§ The task:
This exercise calls for the data below to be retyped exactly, minus any images.

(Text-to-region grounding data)
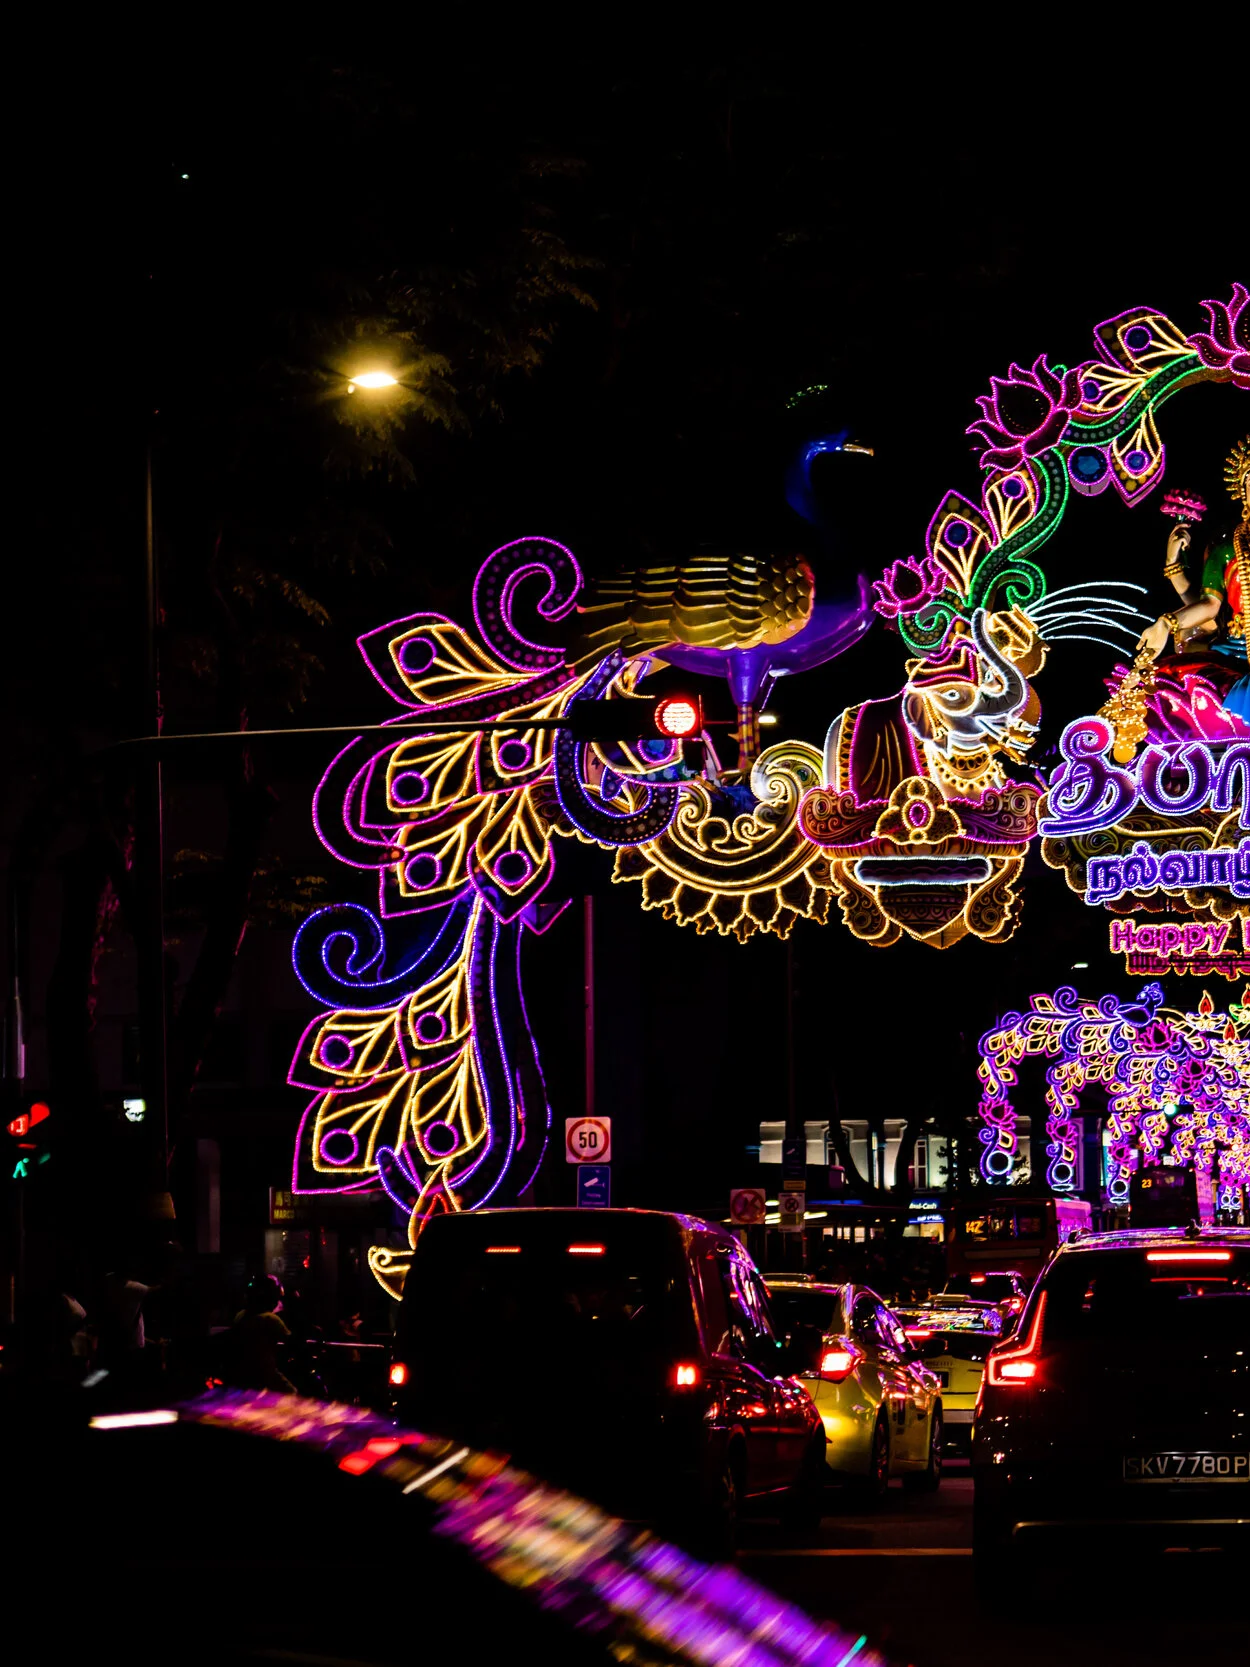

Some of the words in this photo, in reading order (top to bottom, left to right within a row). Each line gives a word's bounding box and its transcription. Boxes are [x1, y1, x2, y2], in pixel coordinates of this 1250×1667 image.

[1110, 919, 1231, 955] Happy
[579, 1132, 597, 1148] 50
[1141, 1178, 1152, 1188] 23
[1127, 1455, 1248, 1475] SKV7780P
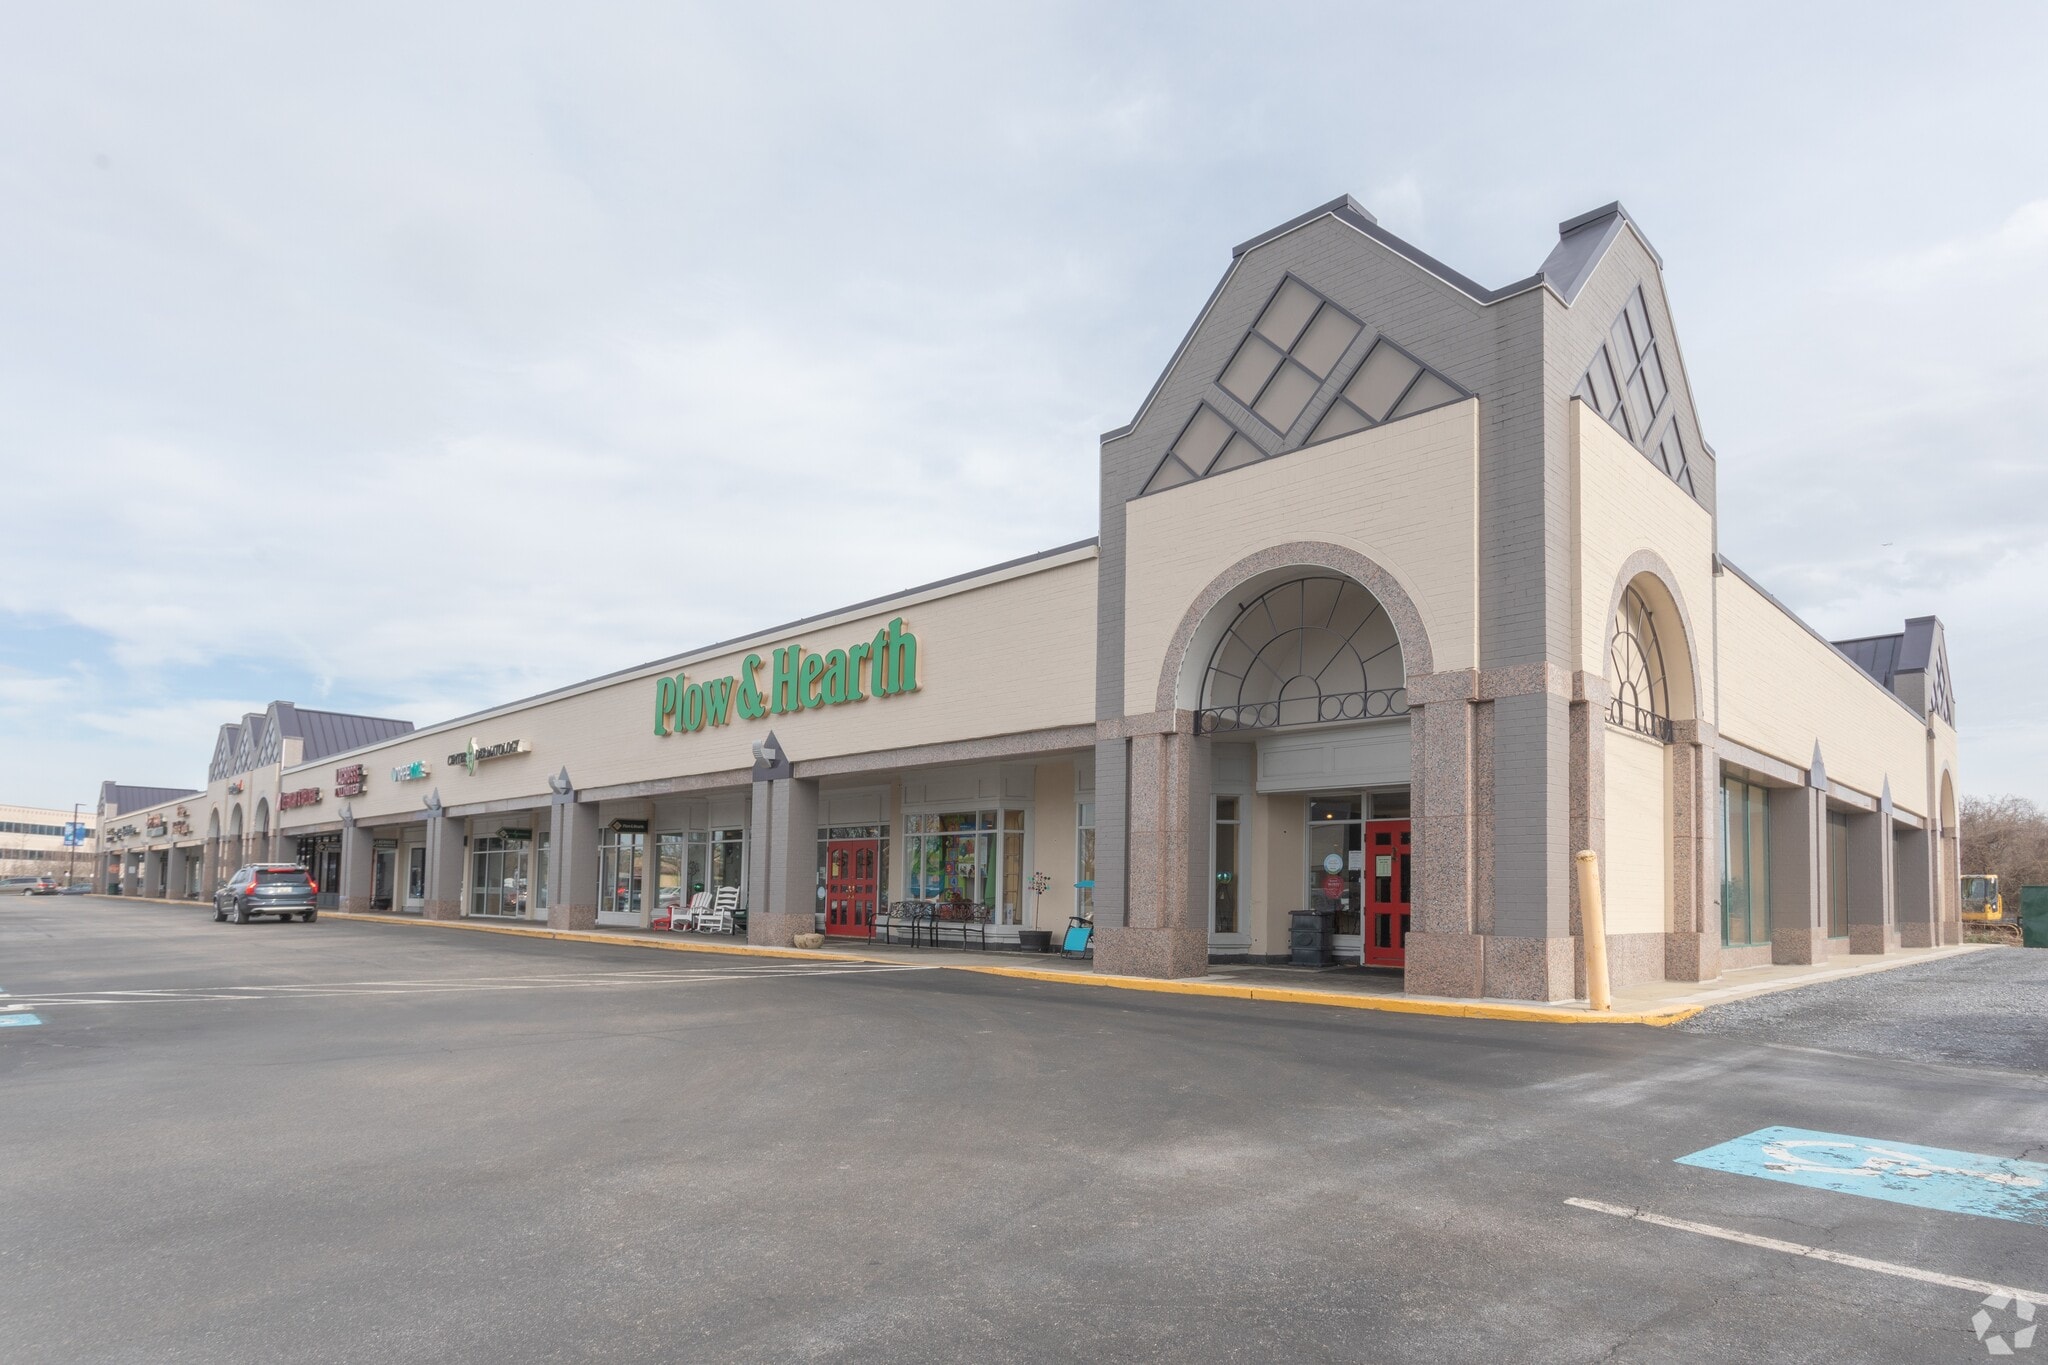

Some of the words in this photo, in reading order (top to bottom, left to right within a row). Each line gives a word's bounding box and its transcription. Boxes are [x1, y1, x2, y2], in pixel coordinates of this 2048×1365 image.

[654, 672, 735, 736] Plow
[736, 653, 766, 720] &
[770, 616, 920, 715] Hearth
[475, 739, 521, 760] DERMATOLOGY

§ Task answer:
Some of the words in this photo, in reading order (top to bottom, left to right within a row). Each line gives a word's bounding box and its transcription. Boxes are [x1, y1, x2, y2], in pixel coordinates of this 1250×1667 image.

[1110, 919, 1231, 955] Happy
[579, 1132, 597, 1148] 50
[1141, 1178, 1152, 1188] 23
[1127, 1455, 1248, 1475] SKV7780P

Some of the words in this photo, in reading order (top to bottom, left to right within a row). Each line gives a word's bounding box and its transcription. Boxes are [x1, y1, x2, y2], in pixel coordinates of this 2048×1365 image.

[654, 672, 735, 736] Plow
[736, 653, 766, 720] &
[770, 616, 920, 715] Hearth
[475, 739, 521, 760] DERMATOLOGY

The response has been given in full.